Merging Facts, Crafting Fallacies: Evaluating the Contradictory Nature of Aggregated Factual Claims in Long-Form Generations
Chiang, Cheng-Han, Lee, Hung-yi
Long-form generations from large language models (LLMs) contains a mix of factual and non-factual claims, making evaluating factuality difficult. To evaluate factual precision of long-form generations in a more fine-grained way, prior works propose to decompose long-form generations into multiple verifiable facts and verify those facts independently. The factuality of the generation is the proportion of verifiable facts among all the facts. Such methods assume that combining factual claims forms a factual paragraph. This paper shows that the assumption can be violated due to entity ambiguity. We show that LLMs can generate paragraphs that contain verifiable facts, but the facts are combined to form a non-factual paragraph due to entity ambiguity.
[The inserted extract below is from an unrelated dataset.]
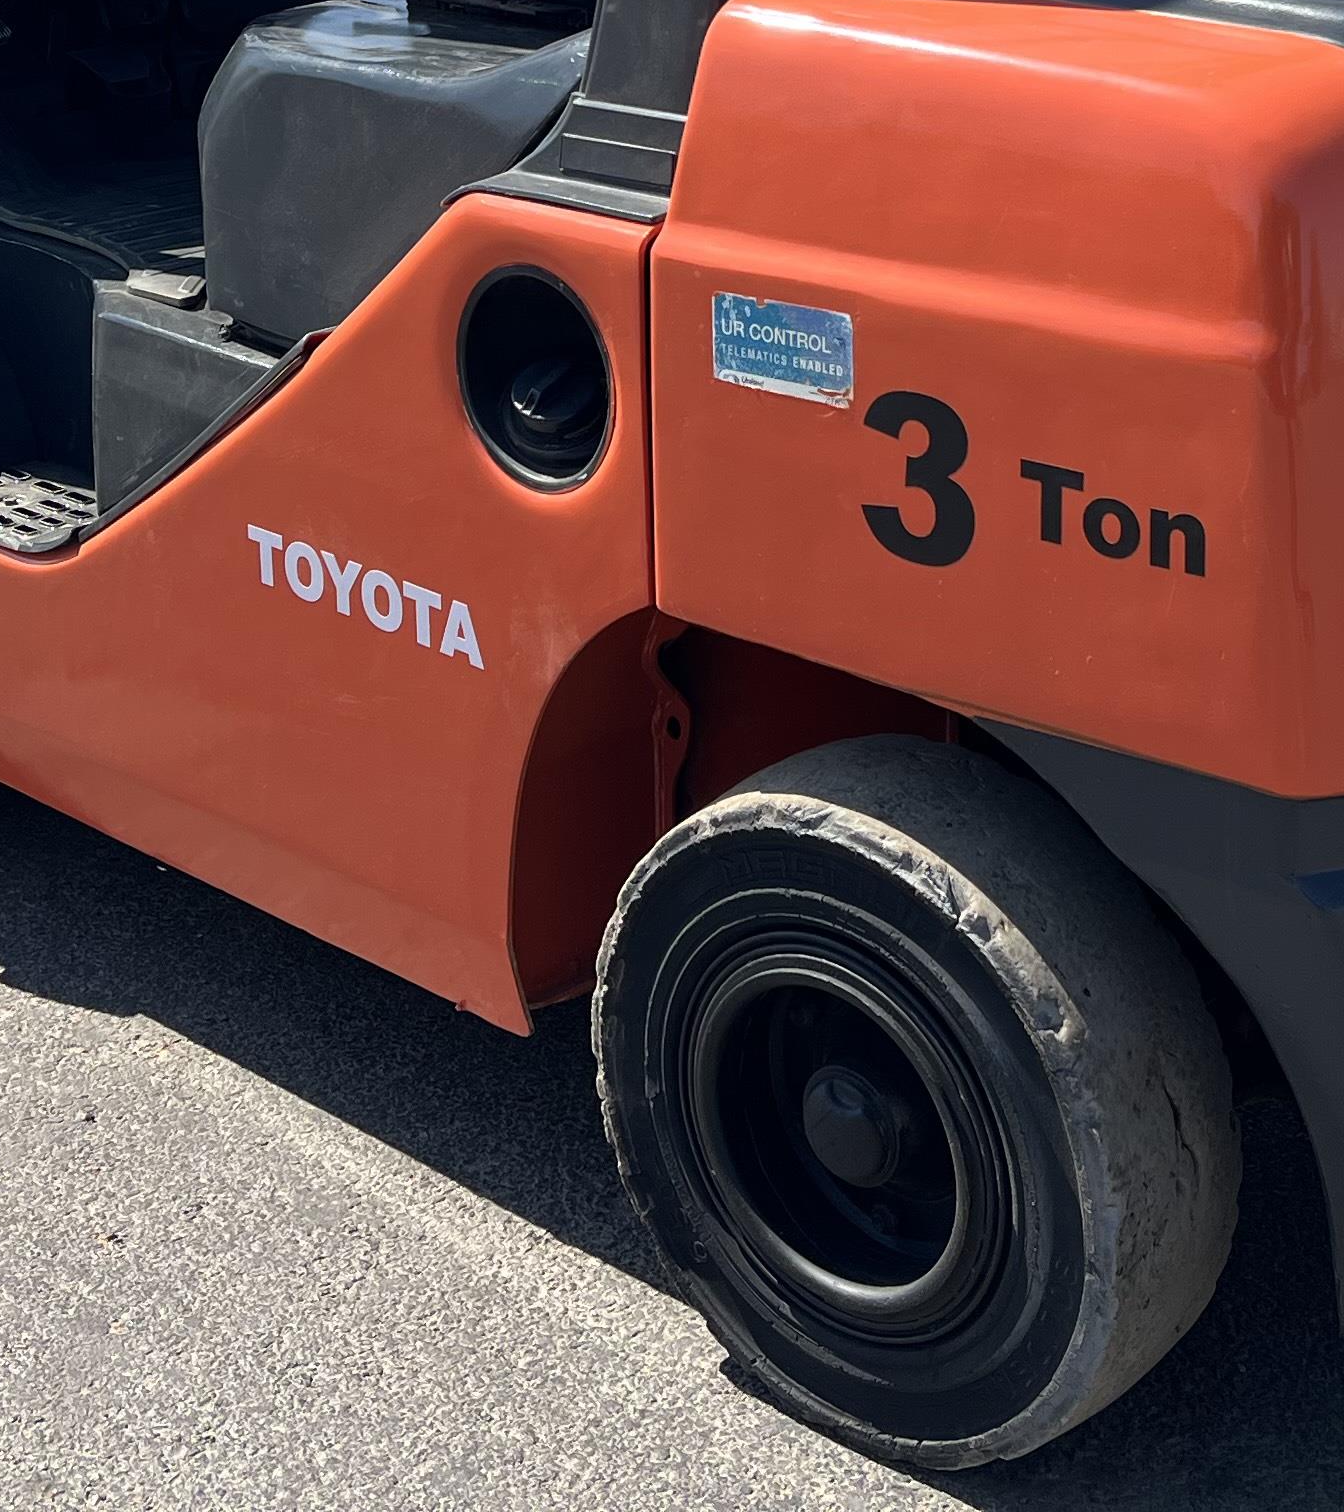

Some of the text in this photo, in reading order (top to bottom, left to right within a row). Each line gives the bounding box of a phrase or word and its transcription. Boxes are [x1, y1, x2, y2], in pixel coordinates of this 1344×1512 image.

[720, 343, 844, 377] TELEMATICS ENABLED
[721, 318, 832, 354] UR CONTROL
[861, 390, 1206, 577] 3 Ton
[248, 523, 485, 671] TOYOTA
We further reveal that existing factual precision metrics, including FActScore and citation recall, cannot properly evaluate the factuality of these non-factual paragraphs. To address this, we introduce an enhanced metric, D-FActScore, specifically designed for content with ambiguous entities. We evaluate the D-FActScores of people biographies generated with retrieval-augmented generation (RAG). We show that D-FActScore can better assess the factuality of paragraphs with entity ambiguity than FActScore. We also find that four widely used open-source LLMs tend to mix information of distinct entities to form non-factual paragraphs.